The chowk and the adjacent area used to be Lahore’s central jail during the British Raj, and Bhagat Singh is believed to have been hanged at the site of what is now Shadman Chowk.

Late last year, a group of Lahoris made progress in getting local officials to rename a busy traffic circle for Bhagat Singh, a Sikh revolutionary who. They see it as a chance to honor a local hero who they feel transcends the ethnic and sectarian tensions gripping the country today — and also as an important test of the boundaries of inclusiveness here.

But in the Islamic Republic of Pakistan, questions of religious identity also become issues of patriotism, and the effort has raised alarm bells among conservatives and Islamists. The circle was named in 2010 for Chaudhry Rehmat Ali, a Muslim student who coined the name Pakistan in the 1930s, and there was an outcry at the news that it might be renamed for a non-Muslim.

“If a few people decide one day that the name has to be changed, why should the voice of the majority be ignored?” asked Zahid Butt, the head of a neighborhood business association here and a leader of the effort to block the renaming.

The fight over the traffic circle — which, when they are pressed, locals usually just call Shadman Circle, after the surrounding neighborhood — has become a showcase battle in a wider ideological war over nomenclature and identity here and in other Pakistani cities.

Although many of Lahore’s prominent buildings are named for non-Muslims, there has been a growing effort to “Islamize” the city’s architecture and landmarks, critics of the trend say. In that light, the effort to rename the circle for Mr. Singh becomes a cultural counteroffensive.

“Since the ’80s, the days of the dictator Gen. Zia ul-Haq, there has been an effort that everything should be Islamized — like the Mall should be called M. A. Jinnah Road,” said Taimur Rahman, a musician and academic from Lahore, referring to one of the city’s central roads and to the country’s founder. “They do not want to acknowledge that other people, from different religions, also lived here in the past.”

A recent nationwide surge in deadly attacks against religious minorities, particularly against Ahmadi and Hazara Shiites, has again put a debate over tolerance on the national agenda. Though most Sikhs fled Pakistan soon after the partition from India in 1947, the fight over whether to honor a member of that minority publicly bears closely on the headlines for many.

A push to honor Mr. Singh has been going on here for years. But it was not until the annual remembrance of his birth in September that things came to a head. A candlelight demonstration to support renaming the traffic circle had an effect, and a senior district official agreed to start the process. As part of it, he asked the public to come forward with any objections. The complaints started pouring in.
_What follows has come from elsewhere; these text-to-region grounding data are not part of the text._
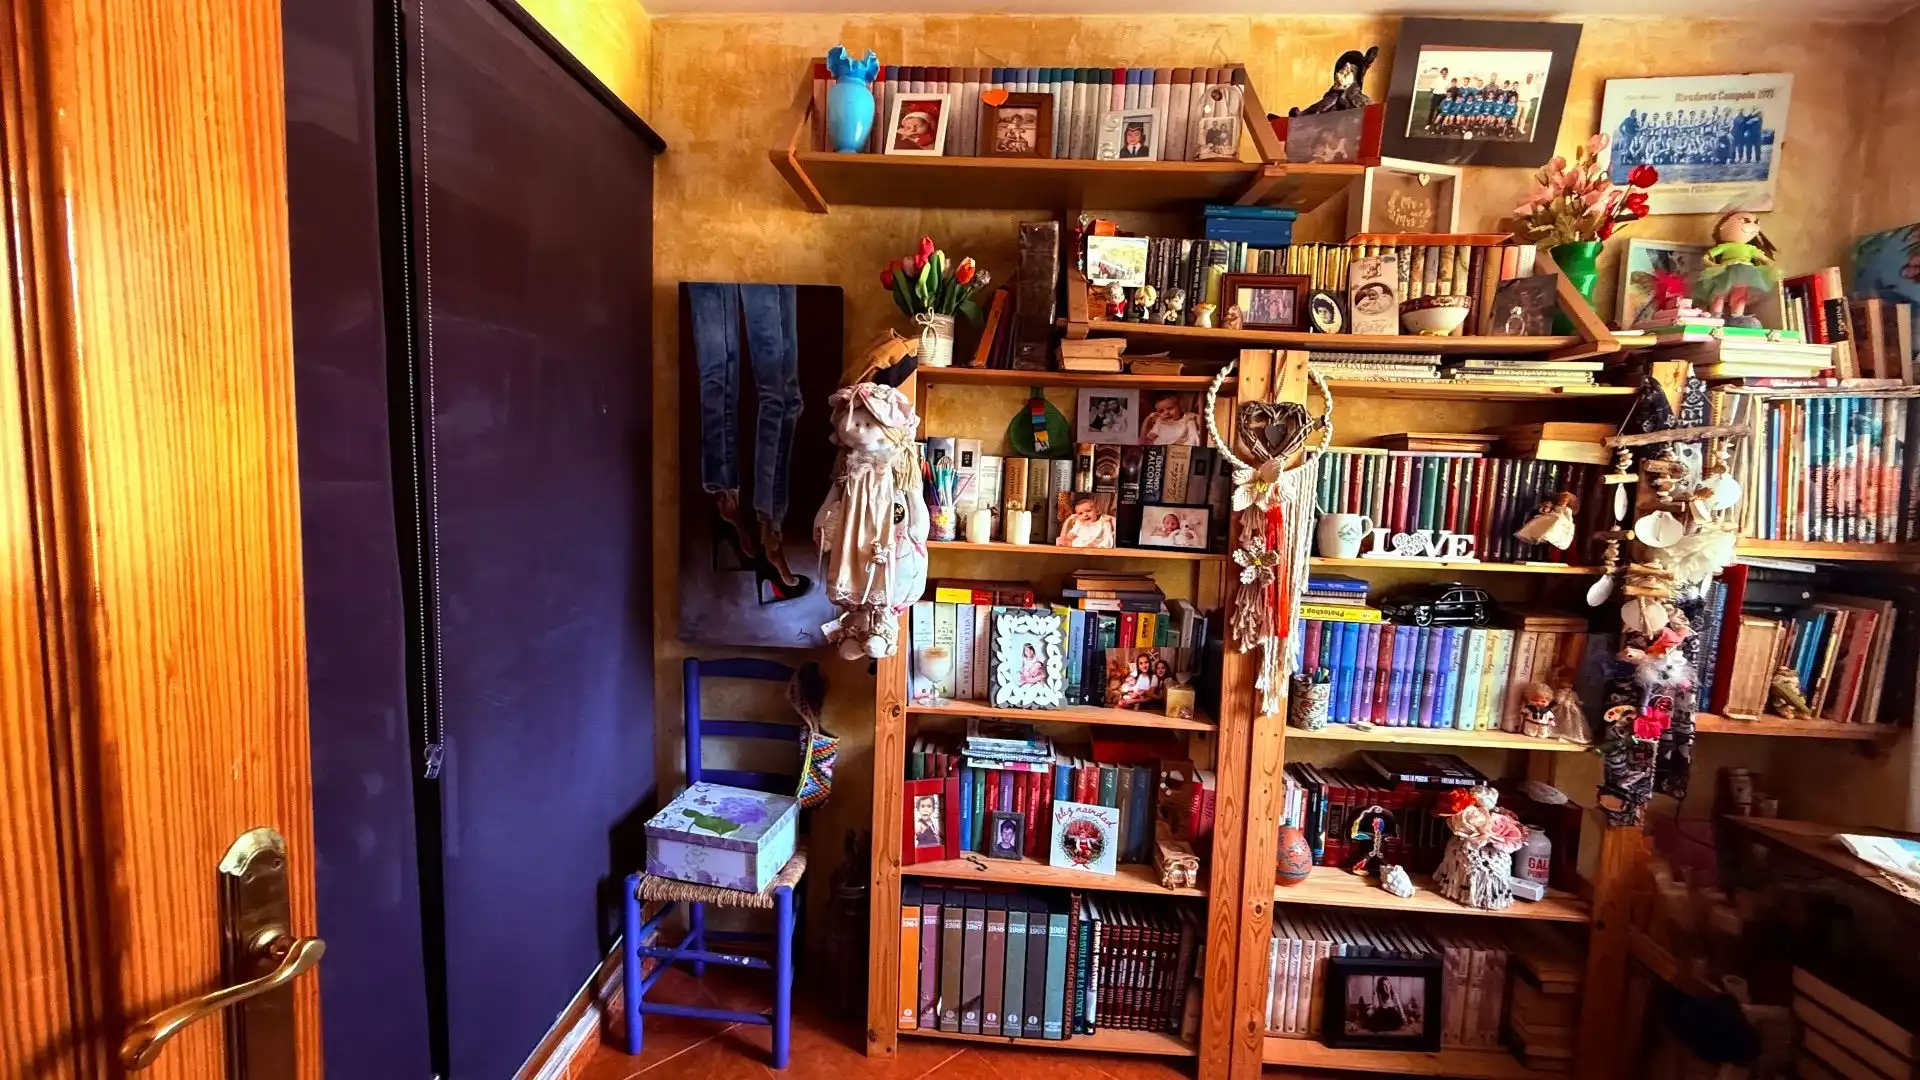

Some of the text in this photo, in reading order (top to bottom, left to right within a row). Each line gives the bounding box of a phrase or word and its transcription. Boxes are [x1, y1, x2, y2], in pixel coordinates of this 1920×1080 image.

[1145, 450, 1157, 495] FALCONES
[1153, 455, 1163, 491] ILDEFONSO
[1306, 607, 1345, 618] Photoshop
[944, 921, 962, 930] 1986
[965, 922, 984, 931] 1987
[1092, 920, 1102, 954] GRANDES
[1077, 923, 1088, 968] MARAVILLAS
[1074, 989, 1085, 1018] CIENCIA
Traders of Shadman Market, the local trade group led by Mr. Butt, threatened a strike. Chillingly, warnings against the move were issued by leaders of the Islamic aid group Jamaat-ud-Dawa, largely believed to be a front for the militant group Lashkar-e-Taiba. Clerics voiced their opposition during Friday Prayer.

The issue quickly became a case for the city’s High Court, which said it would deliberate on a petition, initiated by Mr. Butt and a coalition of religious conservatives, to block the name change. That was in November, and the case still awaits a hearing date. The provincial government has remained in tiptoe mode ever since. “It is a very delicate matter,” said Ajaz Anwar, an art historian and painter who is the vice chairman of a civic committee that is managing the renaming process.
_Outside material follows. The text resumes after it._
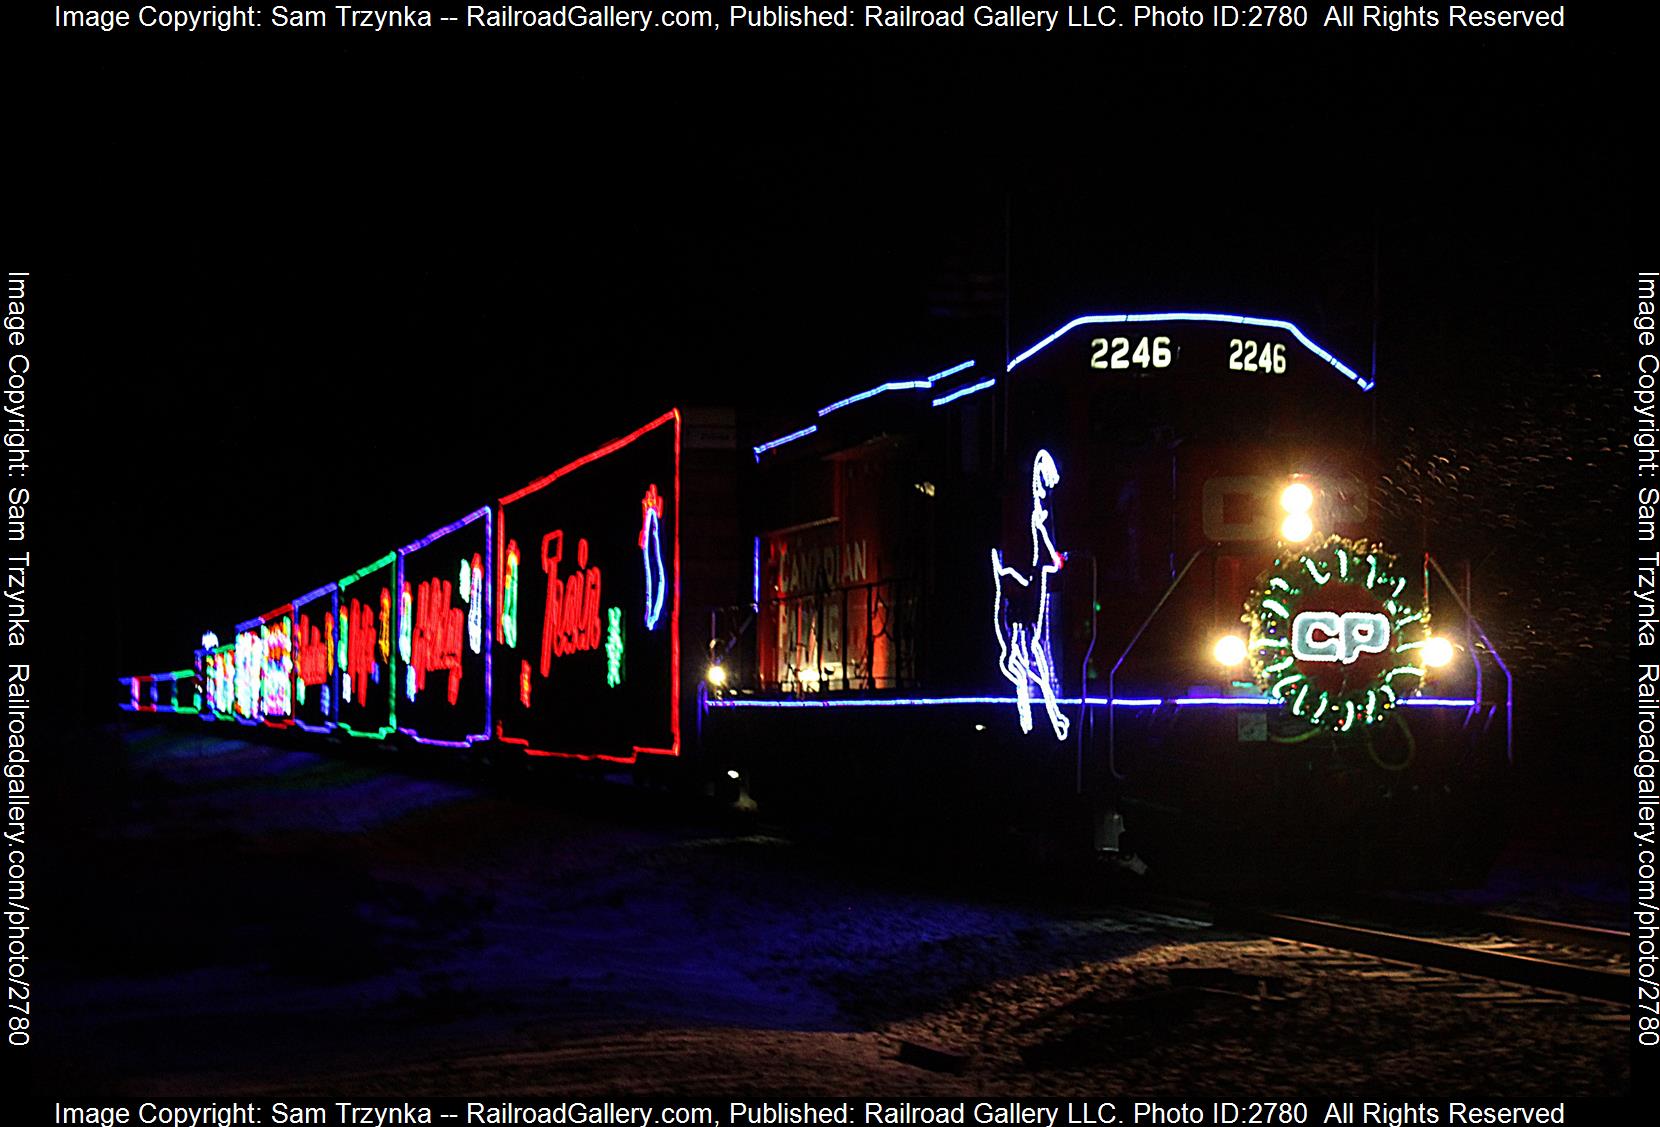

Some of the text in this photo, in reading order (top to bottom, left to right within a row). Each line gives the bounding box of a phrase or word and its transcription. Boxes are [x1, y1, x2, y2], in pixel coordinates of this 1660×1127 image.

[1091, 336, 1171, 369] 2246
[1229, 338, 1286, 374] 2246
[1292, 611, 1390, 664] CP
Mr. Anwar said some committee members had proposed a compromise: renaming the circle after Habib Jalib, a widely popular postindependence poet. That move has been rejected out of hand by pro-Singh campaigners.

Mr. Rahman and other advocates for renaming the circle paint it as a test of resistance to intolerance and extremism, and they consider the government and much of Lahore society to have failed it.
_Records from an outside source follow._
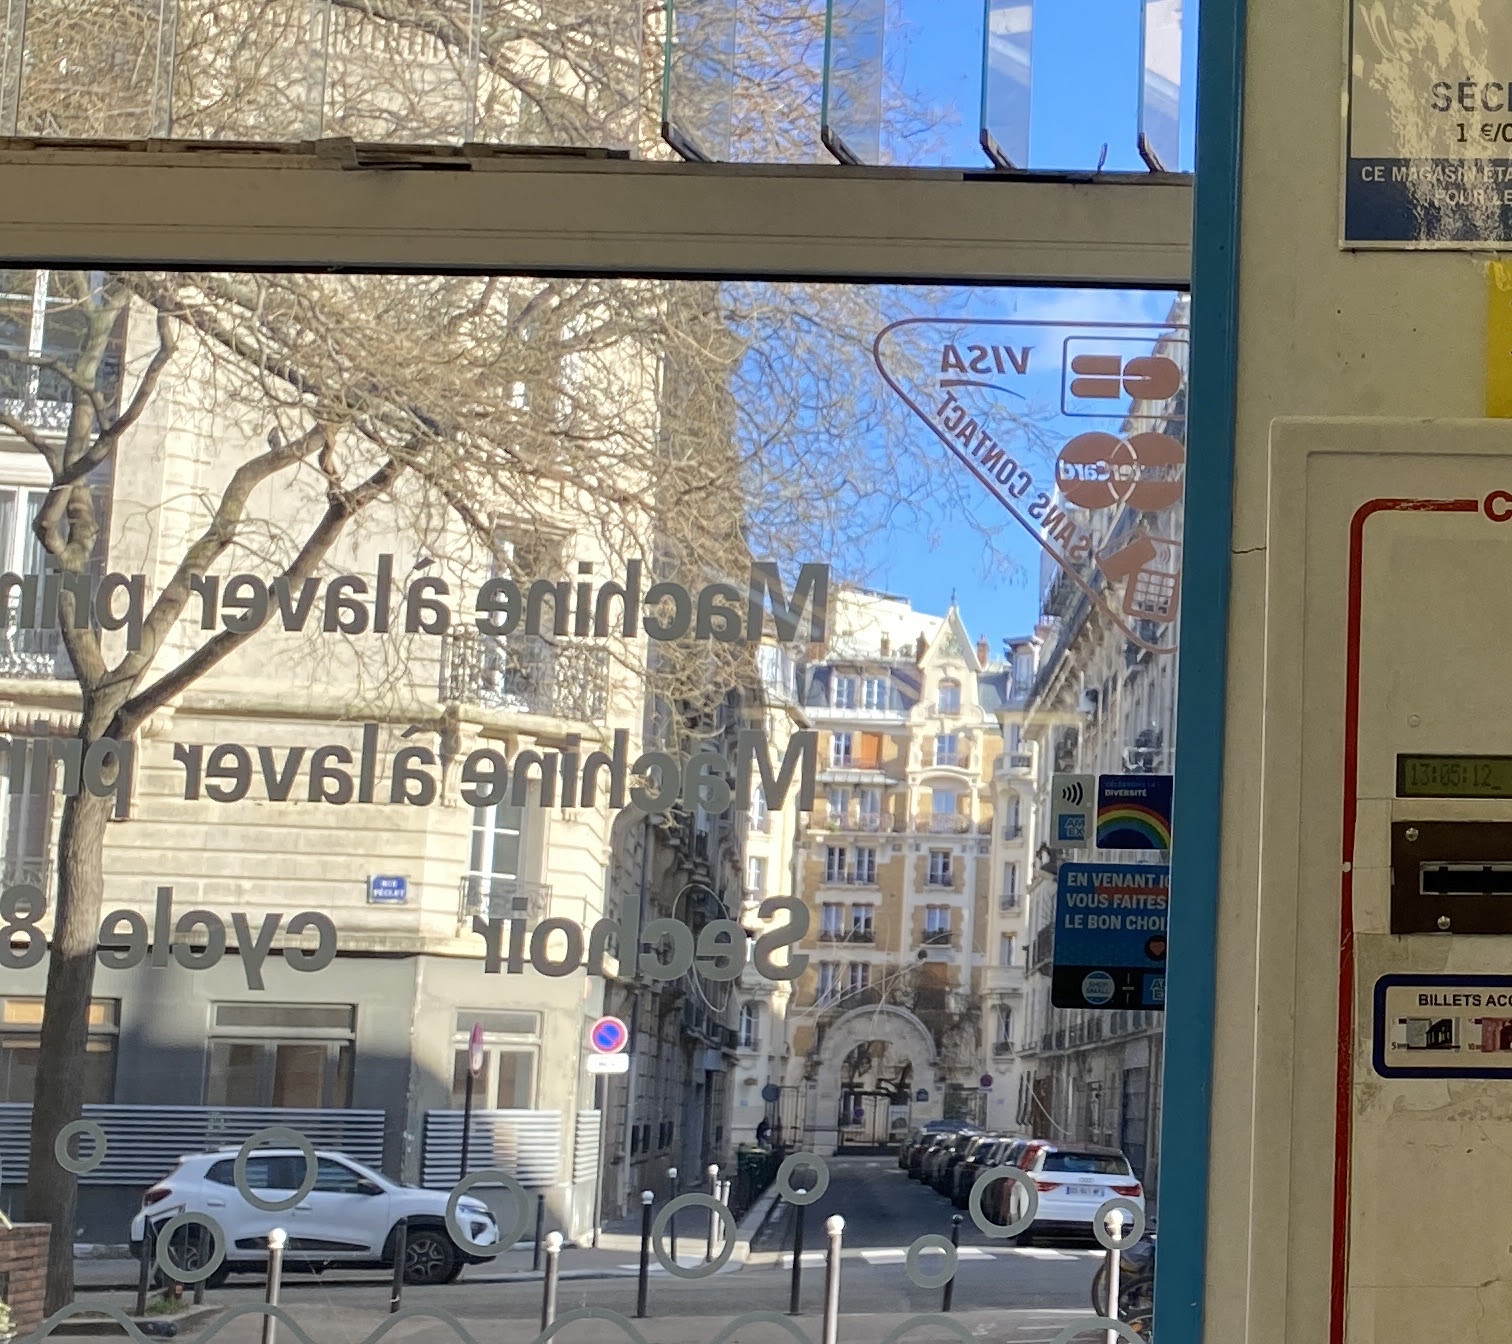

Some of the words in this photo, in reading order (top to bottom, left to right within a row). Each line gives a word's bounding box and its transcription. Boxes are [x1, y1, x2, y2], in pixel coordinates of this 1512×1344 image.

[1362, 167, 1385, 183] CE
[1104, 788, 1147, 797] DIVERSITÉ
[1067, 872, 1088, 887] EN
[1093, 873, 1156, 888] VENANT
[1066, 893, 1109, 908] VOUS
[1113, 894, 1167, 910] FAITES
[1064, 914, 1084, 929] LE
[1087, 915, 1121, 930] BON
[1125, 916, 1168, 931] CHOI
[1418, 993, 1481, 1007] BILLETS
“The government’s defense in the court has been very halfhearted,” said Yasser Latif Hamdani, a lawyer representing the activists. “The government lawyer did not even present his case during earlier court proceedings.”

The controversy threatens to become violent. On March 23, the anniversary of Mr. Singh’s death, police officers had to break up a heated exchange between opposing groups at the circle.

Mr. Rahman and the other supporters have vowed to continue fighting, saying it has become a war over who gets to own Pakistan’s history.

“There is a complete historical amnesia and black hole regarding the independence struggle from the British,” Mr. Rahman said, adding of the Islamists, “They want all memories to evaporate.”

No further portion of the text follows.